Data in this exercise —
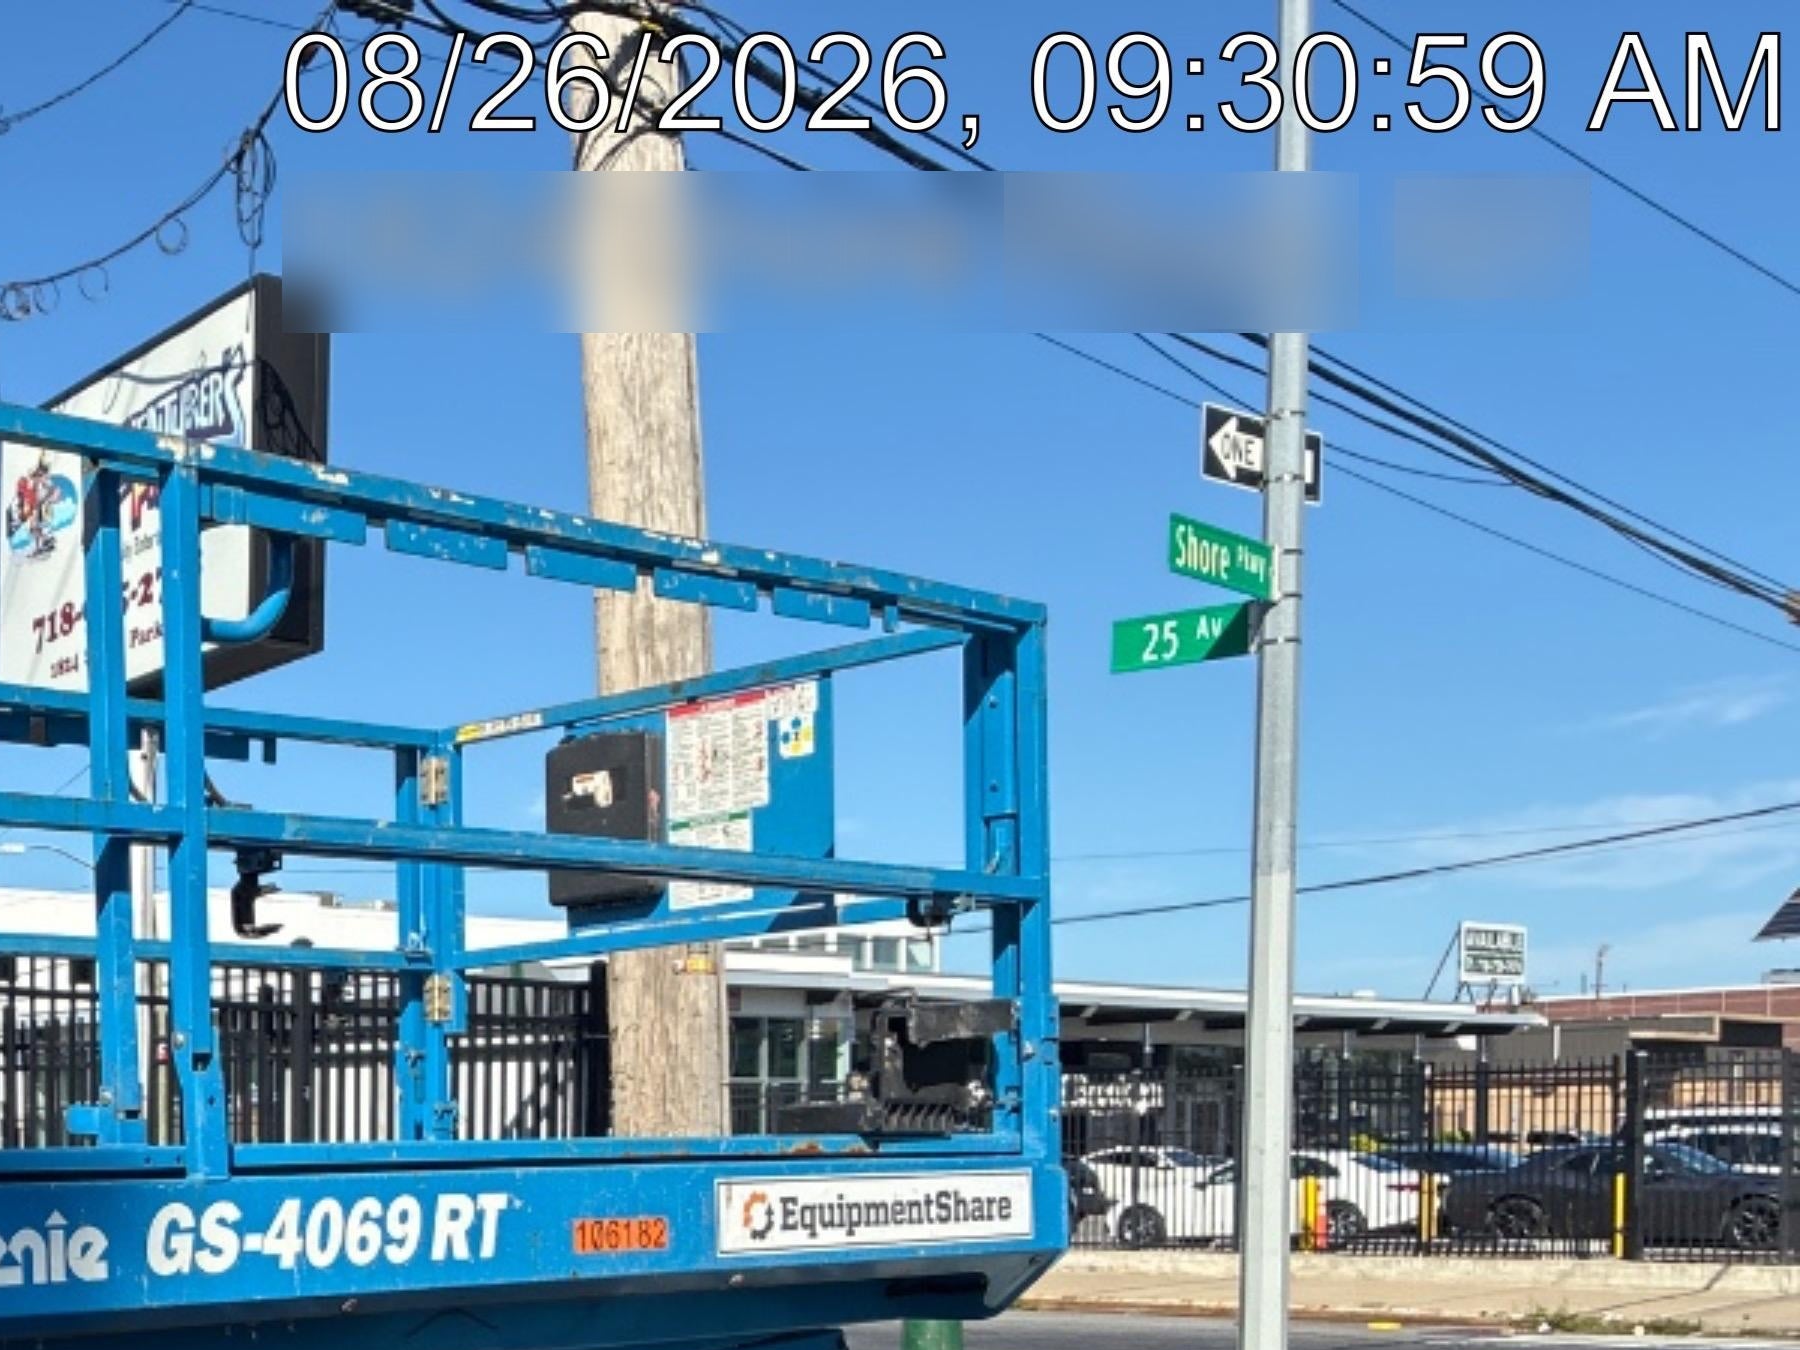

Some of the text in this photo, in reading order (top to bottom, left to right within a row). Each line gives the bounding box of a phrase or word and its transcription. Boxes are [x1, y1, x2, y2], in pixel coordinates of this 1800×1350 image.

[1221, 431, 1256, 466] ONE
[1175, 523, 1231, 581] Shore
[1141, 614, 1223, 662] 25 Av
[145, 1192, 509, 1277] GS-4069 RT
[576, 1218, 667, 1252] 106182
[779, 1190, 1013, 1239] EquipmentShare
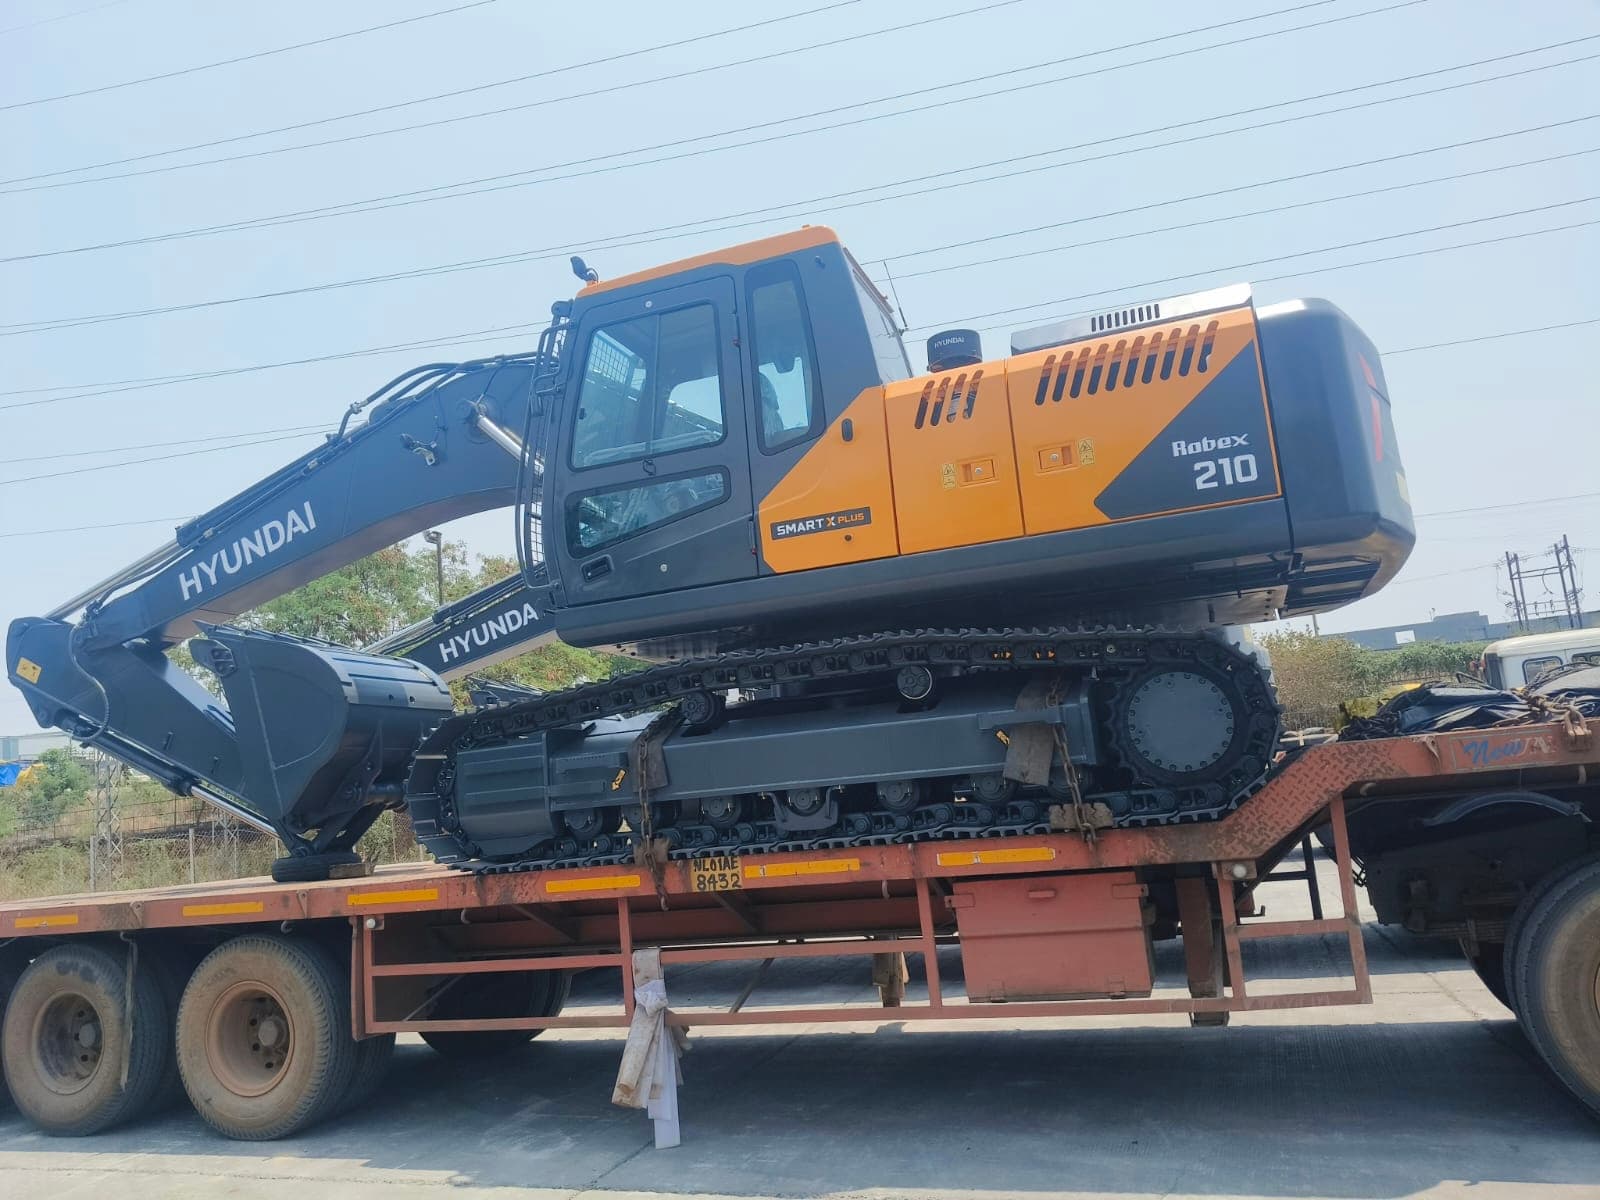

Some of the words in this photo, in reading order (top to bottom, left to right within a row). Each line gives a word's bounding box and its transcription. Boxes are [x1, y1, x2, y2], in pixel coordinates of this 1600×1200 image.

[934, 336, 965, 349] HYUNDAI
[1193, 453, 1258, 490] 210
[776, 517, 824, 536] SMART
[826, 516, 837, 527] X
[837, 512, 865, 524] PLUS
[178, 500, 316, 601] HYUNDAI
[438, 602, 540, 663] HYUNDA
[696, 872, 743, 890] 8432
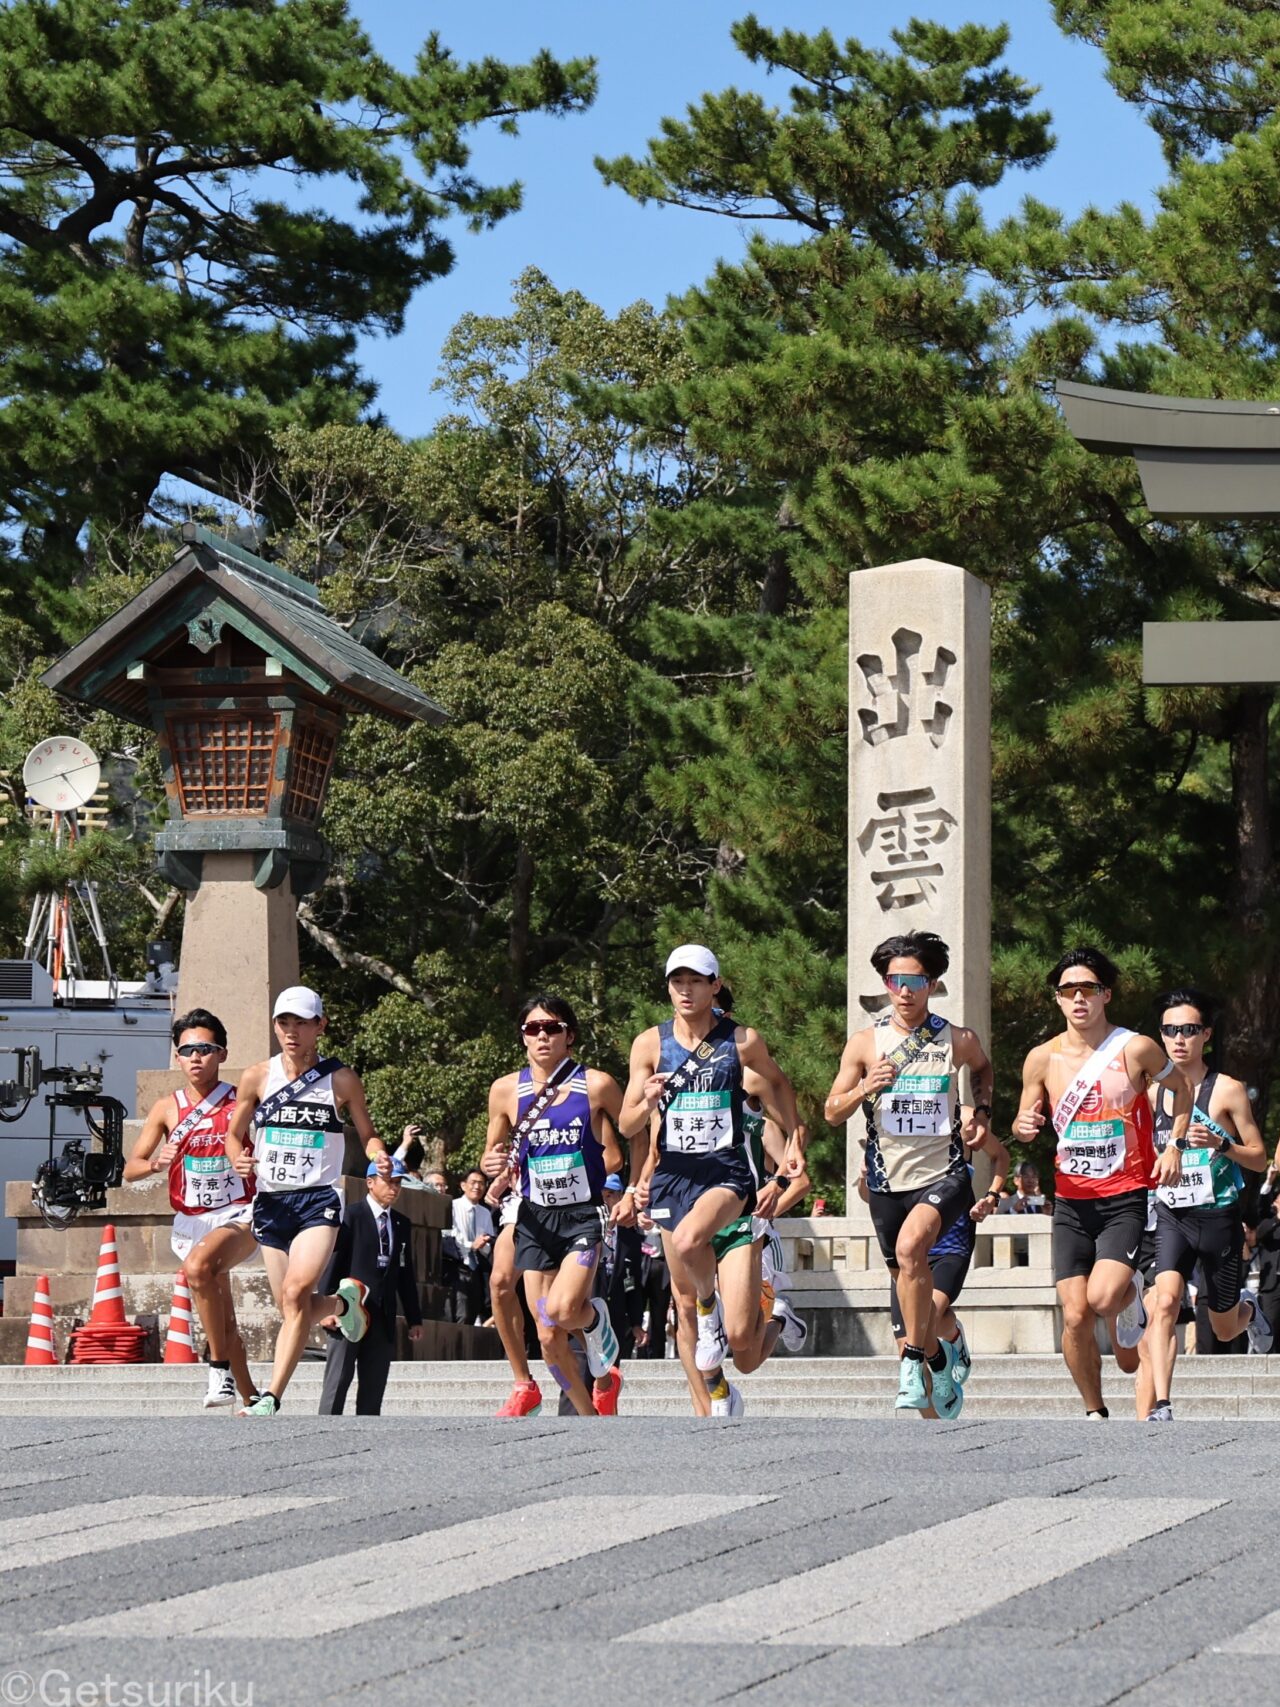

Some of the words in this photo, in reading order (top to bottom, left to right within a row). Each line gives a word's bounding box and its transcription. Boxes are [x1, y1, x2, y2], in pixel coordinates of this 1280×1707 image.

[33, 743, 92, 766] フジテレビ
[856, 626, 958, 1013] 出雲
[893, 1078, 942, 1092] 前田道路
[891, 1099, 942, 1116] 東京国際大
[171, 1108, 204, 1143] 帝京大
[672, 1115, 724, 1132] 東洋大
[896, 1117, 938, 1134] 11-1
[189, 1133, 229, 1148] 帝京大
[271, 1131, 316, 1146] 前田道路
[678, 1135, 718, 1151] 12-1
[266, 1149, 315, 1167] 関西大
[1065, 1143, 1117, 1159] 中四国選抜
[269, 1167, 306, 1183] 18-1
[1070, 1158, 1113, 1175] 22-1
[191, 1174, 235, 1191] 帝京大
[1161, 1172, 1204, 1188] 選抜
[196, 1193, 232, 1206] 13-1
[540, 1191, 577, 1208] 16-1
[1167, 1191, 1196, 1206] 3-1

Exercise description — Transcribe every entry exactly, leaving out the pictures.

Expected answer —
Some of the text in this photo, in reading order (top to bottom, left to right within a row). Each line gives the bounding box of a phrase or word and its transcription. Boxes are [x1, y1, x2, y2], in pixel coordinates of this 1800×1350 image.

[1221, 431, 1256, 466] ONE
[1175, 523, 1231, 581] Shore
[1141, 614, 1223, 662] 25 Av
[145, 1192, 509, 1277] GS-4069 RT
[576, 1218, 667, 1252] 106182
[779, 1190, 1013, 1239] EquipmentShare

Some of the words in this photo, in reading order (top to bottom, left to right within a row). Each line gives a word's bounding box and its transcription. Boxes are [x1, y1, x2, y2], in pixel coordinates of this 1600×1200 image.

[934, 336, 965, 349] HYUNDAI
[1193, 453, 1258, 490] 210
[776, 517, 824, 536] SMART
[826, 516, 837, 527] X
[837, 512, 865, 524] PLUS
[178, 500, 316, 601] HYUNDAI
[438, 602, 540, 663] HYUNDA
[696, 872, 743, 890] 8432

Some of the words in this photo, in reading order (top to bottom, left to right within a row). Each line gives a word's bounding box and its transcription. Boxes are [x1, y1, x2, y2], in pixel coordinates of this 1280×1707 image.

[33, 743, 92, 766] フジテレビ
[856, 626, 958, 1013] 出雲
[893, 1078, 942, 1092] 前田道路
[891, 1099, 942, 1116] 東京国際大
[171, 1108, 204, 1143] 帝京大
[672, 1115, 724, 1132] 東洋大
[896, 1117, 938, 1134] 11-1
[189, 1133, 229, 1148] 帝京大
[271, 1131, 316, 1146] 前田道路
[678, 1135, 718, 1151] 12-1
[266, 1149, 315, 1167] 関西大
[1065, 1143, 1117, 1159] 中四国選抜
[269, 1167, 306, 1183] 18-1
[1070, 1158, 1113, 1175] 22-1
[191, 1174, 235, 1191] 帝京大
[1161, 1172, 1204, 1188] 選抜
[196, 1193, 232, 1206] 13-1
[540, 1191, 577, 1208] 16-1
[1167, 1191, 1196, 1206] 3-1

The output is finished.